Die Bevölkerung ist überwiegend afroamerikanischer Abstammung, resultierend aus der Geschichte der Sklaverei und der Plantagenökonomie. Die Amtssprache ist Englisch, das im Alltag und in Verwaltung, Bildung und Medien verwendet wird. Die Gesellschaft verbindet westliche Strukturen mit lokalen Traditionen: Musik, religiöse Feste und regionale Küche sind wichtige Ausdrucksformen der nationalen Identität.

Wirtschaft und Bedeutung

Wirtschaftlich sind die Bahamas stark vom Tourismus abhängig; die attraktiven Strände und Tauchgebiete ziehen viele Besucher an, vor allem aus Nordamerika und Europa. Kreuzfahrten und Luxusresorts sind zentrale Einnahmequellen. Daneben spielen Finanzdienstleistungen und Offshore-Finanzzentren eine Rolle, ebenso wie Fischerei und begrenzte Landwirtschaft. Die Nähe zu den Vereinigten Staaten macht die Bahamas zu einem wichtigen Destination für Kurzreisen und Investitionen.

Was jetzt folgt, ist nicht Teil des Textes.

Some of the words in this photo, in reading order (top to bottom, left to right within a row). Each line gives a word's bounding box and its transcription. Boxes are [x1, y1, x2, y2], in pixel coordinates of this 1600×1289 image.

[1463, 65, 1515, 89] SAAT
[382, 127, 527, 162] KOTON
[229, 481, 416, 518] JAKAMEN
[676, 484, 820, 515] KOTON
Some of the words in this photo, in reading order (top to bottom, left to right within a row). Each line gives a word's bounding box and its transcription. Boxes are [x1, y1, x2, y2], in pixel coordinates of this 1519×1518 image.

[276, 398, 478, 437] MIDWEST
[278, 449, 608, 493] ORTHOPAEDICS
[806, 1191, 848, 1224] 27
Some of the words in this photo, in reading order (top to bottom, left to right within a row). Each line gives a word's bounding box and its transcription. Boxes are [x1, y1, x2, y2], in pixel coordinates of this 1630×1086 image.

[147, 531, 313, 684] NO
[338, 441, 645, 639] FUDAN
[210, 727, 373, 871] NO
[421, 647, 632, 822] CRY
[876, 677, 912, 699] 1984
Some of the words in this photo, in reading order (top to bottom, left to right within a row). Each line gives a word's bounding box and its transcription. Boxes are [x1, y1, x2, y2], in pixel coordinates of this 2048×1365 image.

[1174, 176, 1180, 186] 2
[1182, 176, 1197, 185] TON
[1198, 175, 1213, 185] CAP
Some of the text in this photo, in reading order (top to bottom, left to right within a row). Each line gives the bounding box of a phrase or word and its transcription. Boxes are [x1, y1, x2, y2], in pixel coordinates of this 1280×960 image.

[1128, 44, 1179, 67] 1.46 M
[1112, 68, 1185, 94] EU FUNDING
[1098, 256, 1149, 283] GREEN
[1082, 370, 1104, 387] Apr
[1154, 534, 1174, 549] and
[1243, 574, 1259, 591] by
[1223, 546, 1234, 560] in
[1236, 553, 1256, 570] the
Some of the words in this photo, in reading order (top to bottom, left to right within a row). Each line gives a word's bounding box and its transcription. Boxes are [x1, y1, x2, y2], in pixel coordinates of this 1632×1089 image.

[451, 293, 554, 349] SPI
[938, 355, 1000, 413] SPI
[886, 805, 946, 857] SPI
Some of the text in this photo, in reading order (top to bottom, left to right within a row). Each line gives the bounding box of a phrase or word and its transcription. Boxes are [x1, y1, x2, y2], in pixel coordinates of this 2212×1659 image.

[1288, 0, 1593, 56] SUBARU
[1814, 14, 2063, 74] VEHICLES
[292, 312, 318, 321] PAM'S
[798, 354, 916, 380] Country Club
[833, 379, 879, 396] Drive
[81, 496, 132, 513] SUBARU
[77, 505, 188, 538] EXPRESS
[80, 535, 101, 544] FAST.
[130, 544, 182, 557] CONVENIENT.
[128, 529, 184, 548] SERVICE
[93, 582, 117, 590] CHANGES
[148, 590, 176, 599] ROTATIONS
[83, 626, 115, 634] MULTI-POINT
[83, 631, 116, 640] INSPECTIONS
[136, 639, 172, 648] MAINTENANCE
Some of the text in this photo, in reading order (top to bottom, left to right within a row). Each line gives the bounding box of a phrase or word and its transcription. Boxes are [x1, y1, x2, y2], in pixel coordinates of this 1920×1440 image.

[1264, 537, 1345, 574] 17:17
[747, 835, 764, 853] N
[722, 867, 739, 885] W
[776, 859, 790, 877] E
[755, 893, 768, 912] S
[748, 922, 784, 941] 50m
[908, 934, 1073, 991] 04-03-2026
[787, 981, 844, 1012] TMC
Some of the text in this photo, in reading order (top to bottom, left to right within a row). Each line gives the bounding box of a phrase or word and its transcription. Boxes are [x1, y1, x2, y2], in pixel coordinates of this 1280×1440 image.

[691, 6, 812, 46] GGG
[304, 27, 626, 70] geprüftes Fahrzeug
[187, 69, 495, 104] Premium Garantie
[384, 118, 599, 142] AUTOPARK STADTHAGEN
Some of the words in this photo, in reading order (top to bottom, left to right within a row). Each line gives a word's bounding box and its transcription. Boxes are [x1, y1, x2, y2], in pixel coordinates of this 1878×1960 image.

Kultur, Tourismus und besondere Merkmale

Kulturell sind die Bahamas bekannt für Feste wie Junkanoo, lebendige Folklore und karibische Musikstile. Beliebte Aktivitäten für Besucher sind Schnorcheln, Tauchen an Korallenriffen, Angeln und Bootsfahrten. Das Archipel ist ein bedeutendes Ziel für Natur- und Meeresforschung sowie für Naturschutzprojekte. Zugleich stehen die Inseln vor Herausforderungen: Klimawandel, Hurrikane und die Notwendigkeit nachhaltiger Entwicklung sind zentrale Themen für Politik und Gesellschaft.

  • Geografische Lage und Inselanzahl: rund 700 Inseln und zahlreiche Cays.
  • Historische Meilensteine: erste Bewohner, Kolumbus' Ankunft und britische Kolonialgeschichte.
  • Wirtschaft: Tourismus, Finanzdienstleistungen, Fischerei.
  • Aktuelle Herausforderungen: Klimarisiken, Umweltschutz, ökonomische Diversifizierung.

Die Bahamas bleiben ein wichtiger Knotenpunkt zwischen Nordamerika, der Karibik und Europa; Reisende aus den USA und Kanada zählen zu den häufigsten Besuchern, aber auch Menschen aus Amerika und Europa sowie von anderen Kontinenten tragen zur internationalen Präsenz bei. Für vertiefende Informationen zu Entdeckungsreisen und historischen Quellen siehe auch Berichte zur Entdeckung Amerikas und allgemeine Ressourcen über das Archipel.

Geschichte

Lucayanss waren die ersten Menschen, die auf den Bahamas ankamen. Sie zogen um das 11. Jahrhundert n. Chr. von Hispaniola und Kuba auf die südlichen Bahamas, nachdem sie aus Südamerika dorthin gekommen waren. Sie wurden als die Lucayanss bekannt. Etwa 30.000 Lukajer lebten auf den Bahamas, als Christoph Kolumbus 1492 ankam. Kolumbus' erste Landung in der Neuen Welt erfolgte auf einer Insel namens San Salvador, von der einige Gelehrte glauben, dass sie die heutige San-Salvador-Insel ist.

Die Spanier zwangen einen Großteil der lukanischen Bevölkerung, nach Hispaniola umzuziehen. Sie wurden zur Zwangsarbeit eingesetzt. Dies und die Exposition gegenüber ausländischen Krankheiten führten dazu, dass der Großteil der Bevölkerung der Bahamas starb. Allein die Pocken haben die Hälfte der Bevölkerung auf den heutigen Bahamas ausgelöscht.

Im Jahr 1670 verpachtete König Karl II. die Inseln an die Carolinas, zusammen mit Handels-, Steuer- und Regierungsrechten für das Land. Während dieser Zeit wurden die Bahamas ein Zufluchtsort für Piraten, darunter der berüchtigte Blackbeard. Um eine ordnungsgemäße Regierung wiederherzustellen, machte Großbritannien die Bahamas 1718 zu einer Kronkolonie. Der erste Gouverneur war Woodes Rogers.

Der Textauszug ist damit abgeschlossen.